Sementara bebet bermakna lingkungan, dari mana calon pasangan berasal. Ya, lingkungan sangat mempengaruhi perangai seseorang. Karena itu, harus ditelusuri, siapa teman-teman bergaulnya, ke mana tempat aktivitas atau istilah gaulnya, tempat nongkrongnya. Dari sini akan bisa dilacak apakah dia orang baik-baik atau tidak. Lalu bibit, meliputi silsilah keturunan calon pasangan. Asal-usul keluarga besarnya seperti apa. Apakah dari lingkungan keluarga baik-baik, terdidik, berbudaya dan beradab baik, agamis, dll.
Panduan ini tampaknya tidak terlalu kuno untuk dijadikan patokan, tentu dengan tetap menyelaraskannya dengan syariat Islam. Artinya, bukan harga mati. Misalnya terkait keturunan, jika ada kasus seseorang yang shaleh tapi yatim piatu dan tidak diketahui asal-usul keluarganya dengan detail, bukankah tidak adil jika menjadi penghalang untuk menyuntingnya?
Begitu pula bila ada sosok sholeh tapi secara ekonomi belum mapan, tidak bisa dikatakan bobotnya kurang bagus, bukan? Sebab orang yang sholeh yakin, rezeki akan mengikuti pernikahan itu kelak.
Karena itu, kriteria terpenting dalam memilih pasangan hidup tetap pada pribadi sang calon itu. Kesalehan dan ketaatannya pada Allah SWT. Ini adalah syarat utama. Seseorang yang saleh, memahami dan melaksanakan syariat Islam dengan benar, insya Allah akan menjadi pribadi dewasa, penuh kasih sayang, dan bertanggung jawab.
Lantas bagaimana sosok yang saleh-salehah itu?
Pertama, bisa dilihat dari salatnya sehari-hari. Jika ia laki-laki, apakah tepat waktu sholatnya, berjamaah di masjid, tidak terlewat Jumatannya, dll.
Kedua, akhlaknya. Apakah dia orang yang baik, dalam artian tidak pernah terlibat maksiat. Apakah dia lemah-lembut, tidak pernah berlaku kasar atau melakukan tindak kekerasan. Termasuk bisa diperhatikan pula dari kebiasaan-kebiasaannya, apakah memiliki adab sopan-santun dan sifat-sifat yang baik.
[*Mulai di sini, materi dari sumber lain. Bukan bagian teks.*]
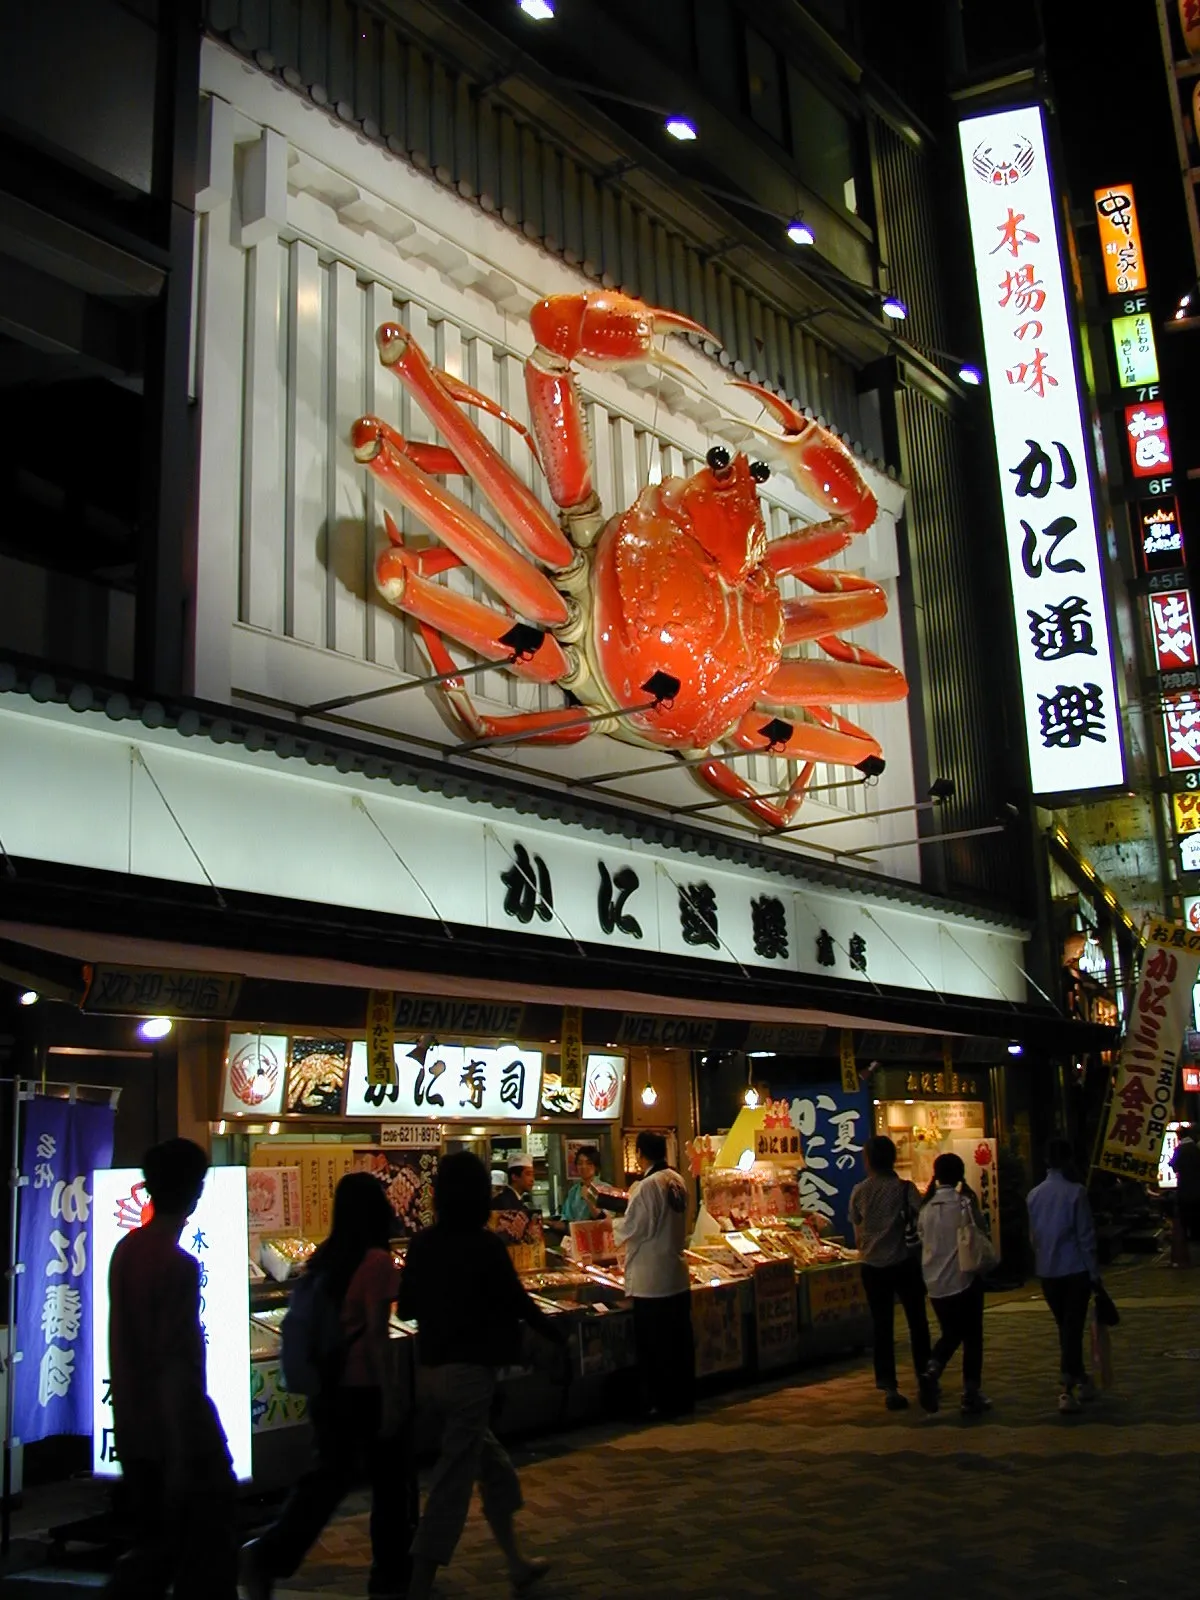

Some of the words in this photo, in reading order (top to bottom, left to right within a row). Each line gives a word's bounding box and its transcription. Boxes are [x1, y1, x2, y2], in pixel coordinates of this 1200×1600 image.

[989, 206, 1060, 398] 本場の味
[1124, 299, 1148, 314] 8F
[1136, 387, 1159, 402] 7F
[1149, 478, 1172, 494] 6F
[397, 998, 520, 1032] BIENVENUE
[623, 1015, 715, 1045] WELCOME
[829, 1109, 862, 1170] 夏の
Jika ia wanita, bisa diperhatikan dari caranya menutup aurat, karena ini salah satu standar apakah dia mampu menjaga izahnya.
Ketiga, aktivitasnya. Apakah kegiatan-kegiatannya didominasi suasana religius. Misalnya aktif mengkaji Islam atau bahkan mendakwahkannya. Ke mana saja tujuan perginya, lebih banyak ke masjid, majelis ilmu, pesantren atau lainnya.
Keempat, keluasan ilmu Islamnya. Apakah bisa menjadi referensi atau rujukan tentang keagamaan. Bagaimana bacaan Alqurannya, fasihkah. Bagaimana pemahamannya tentang fiqih ibadah dan syariat keseharian, dll.
Itulah di antara kriteria calon pasangan yang baik. Semua informasi ini bisa didapatkan dari orangtua, kerabat atau teman dekatnya melalui proses ta´aruf yang disyariatkan Islam. Bukan semata dengan mendengarkan bualan sang calon itu sendiri.(*)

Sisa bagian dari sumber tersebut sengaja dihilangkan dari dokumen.